Tout est parti, relate Secrétaire administratif de l’université Simon Kimbangu, de ce geste salvateur de Joseph DIANGENDA. Ce dernier avait engagé depuis Léopoldville, puisqu’il n’était pas sur le lieu à ces assises de la première table ronde du 20 janvier au 20 février, sur son propre fonds les honoraires de l’avocat français CROQUET pour défendre le dossier congolais à la table ronde de Bruxelles.

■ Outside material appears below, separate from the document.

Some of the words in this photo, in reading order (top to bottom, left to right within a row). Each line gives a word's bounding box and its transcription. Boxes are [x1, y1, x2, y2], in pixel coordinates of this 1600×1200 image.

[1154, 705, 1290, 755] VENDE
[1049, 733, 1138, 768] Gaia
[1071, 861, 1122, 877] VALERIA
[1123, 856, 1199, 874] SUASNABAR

Son grand frère Charles Daniel KISOLOKELE par contre, lui était présent à Bruxelles. À la table ronde pour ne pas dire en réalité table carrée de Bruxelles, Daniel KISOLOKELE faisait partie de 103 délégués congolais, muni d’une somme importante d’argent que lui avait remis son frère Joseph DIANGENDA. Au cours des débats, les colons belges vont exiger de manière impromptue une caution immédiate de 40.000 Francs belges en guise de signatures par les délégués belges de l’Acte de l’indépendance sachant que la partie congolaise était pétrifiée par l’impuissance financière. Pas d’indépendance sans caution ! C’est alors que Daniel KISOLOKELE sorti de sa poche la somme exigée ».

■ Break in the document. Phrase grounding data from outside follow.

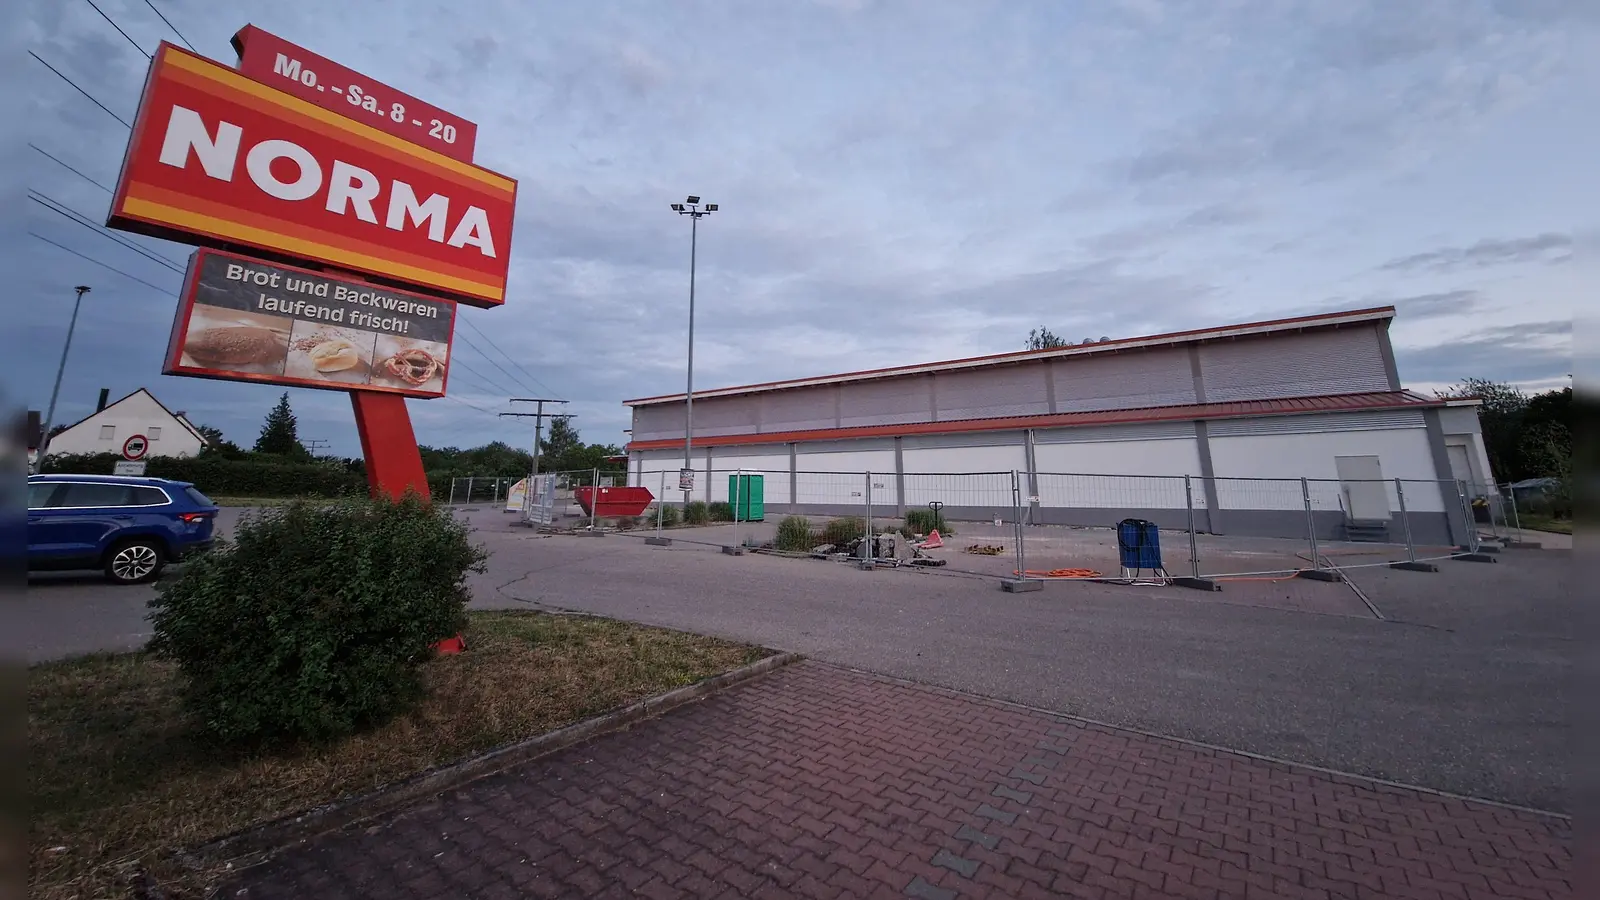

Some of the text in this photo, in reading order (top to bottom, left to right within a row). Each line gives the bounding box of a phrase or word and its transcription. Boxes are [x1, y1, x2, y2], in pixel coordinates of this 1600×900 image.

[274, 52, 325, 92] Mo.
[391, 103, 405, 123] 8
[428, 119, 457, 144] 20
[159, 105, 497, 259] NORMA
[226, 263, 438, 320] Brot und Backwaren
[258, 293, 410, 333] laufend frisch!

Une émancipation préméditée ?

Déjà bien avant le temps d’éveil de la conscience collective des congolais, Simon Kimbangu est apparu vers 1921 au grand jour avec ces enseignements politico-religieux avisés sur la libération totale de la captivité de l’homme en général et des congolais en particulier. C’est alors que les idées de la libération commencèrent à naître par la suite dans le chef des acteurs politiques et sociaux congolais

a révélé le Secrétaire administratif et Chef des travaux à l’Université Kimbanguiste à Kindu.

Et de poursuivre :

C’est ainsi que le chemin fut balisé plus tard par la revendication populaire. Sur notre terre, nous assumerons les fonctions de ceux qui nous dominent aujourd’hui et nous serons le maitre chez nous comme ils le sont chez eux. Le Kongo sera libre et l’Afrique entière, un message prélude de Simon KIMBANGU. Toutes ces vérités ont été connues grâce à maman MWILU parce que c’est elle qui garda ces archives riches en connaissance.

Cette maman avait inculqué à ses enfants tous ces enseignements prémédités que son mari prêchait de son vivant. Femme d’exception, elle fut la première conseillère de son époux

a indiqué le chef des travaux MUNYANGA DILENGA.